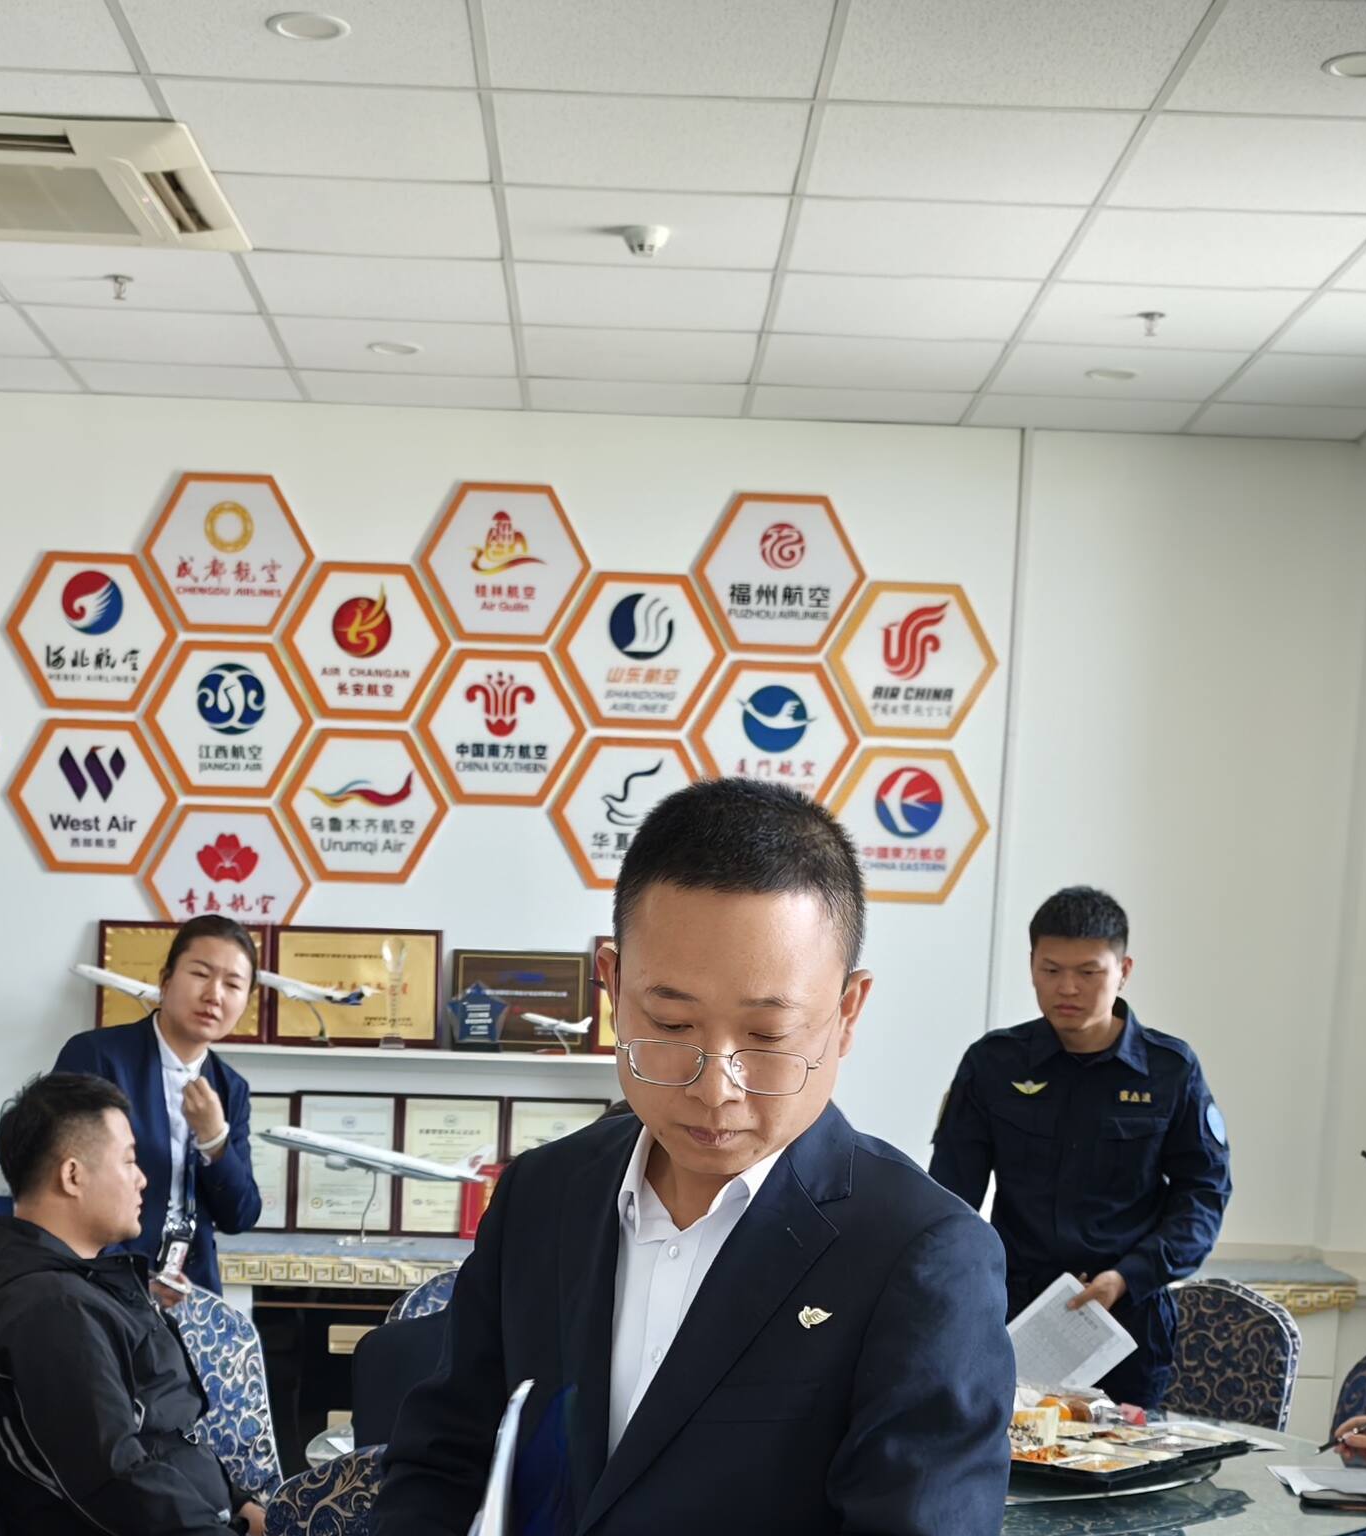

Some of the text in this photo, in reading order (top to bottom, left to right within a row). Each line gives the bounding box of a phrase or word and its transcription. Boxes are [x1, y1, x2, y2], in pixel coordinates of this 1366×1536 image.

[176, 555, 283, 584] 成都航空
[175, 586, 284, 598] CHENGDU AIRLINES
[475, 584, 536, 600] 桂林航空
[728, 583, 831, 608] 福州航空
[480, 602, 496, 612] Air
[727, 608, 830, 621] FUZHOU AIRLINES
[45, 645, 142, 671] 河北航空
[47, 673, 138, 684] HEBEI AIRLINES
[320, 667, 411, 679] AIR CHANGAN
[606, 667, 681, 685] 山东航空
[336, 683, 395, 698] 长安航空
[604, 689, 677, 701] SHANDONG
[872, 686, 954, 701] AIR CHINA
[609, 702, 669, 713] AIRLINES
[198, 744, 264, 760] 江西航空
[455, 743, 548, 760] 中国南方航空
[198, 761, 264, 773] JIANGXI AIR
[455, 761, 547, 774] CHINA SOUTHERN
[49, 813, 138, 833] West Air
[310, 816, 416, 835] 乌鲁木齐航空
[70, 837, 117, 849] 西部航空
[319, 838, 406, 856] Urumqi Air
[899, 863, 947, 873] EASTERN

==*==

Your goal: Your copy should match the data exactly, apart from the images, which are dropped.

Written response:
Some of the text in this photo, in reading order (top to bottom, left to right within a row). Each line gives the bounding box of a phrase or word and its transcription. Boxes are [x1, y1, x2, y2], in pixel coordinates of this 1366×1536 image.

[176, 555, 283, 584] 成都航空
[175, 586, 284, 598] CHENGDU AIRLINES
[475, 584, 536, 600] 桂林航空
[728, 583, 831, 608] 福州航空
[480, 602, 496, 612] Air
[727, 608, 830, 621] FUZHOU AIRLINES
[45, 645, 142, 671] 河北航空
[47, 673, 138, 684] HEBEI AIRLINES
[320, 667, 411, 679] AIR CHANGAN
[606, 667, 681, 685] 山东航空
[336, 683, 395, 698] 长安航空
[604, 689, 677, 701] SHANDONG
[872, 686, 954, 701] AIR CHINA
[609, 702, 669, 713] AIRLINES
[198, 744, 264, 760] 江西航空
[455, 743, 548, 760] 中国南方航空
[198, 761, 264, 773] JIANGXI AIR
[455, 761, 547, 774] CHINA SOUTHERN
[49, 813, 138, 833] West Air
[310, 816, 416, 835] 乌鲁木齐航空
[70, 837, 117, 849] 西部航空
[319, 838, 406, 856] Urumqi Air
[899, 863, 947, 873] EASTERN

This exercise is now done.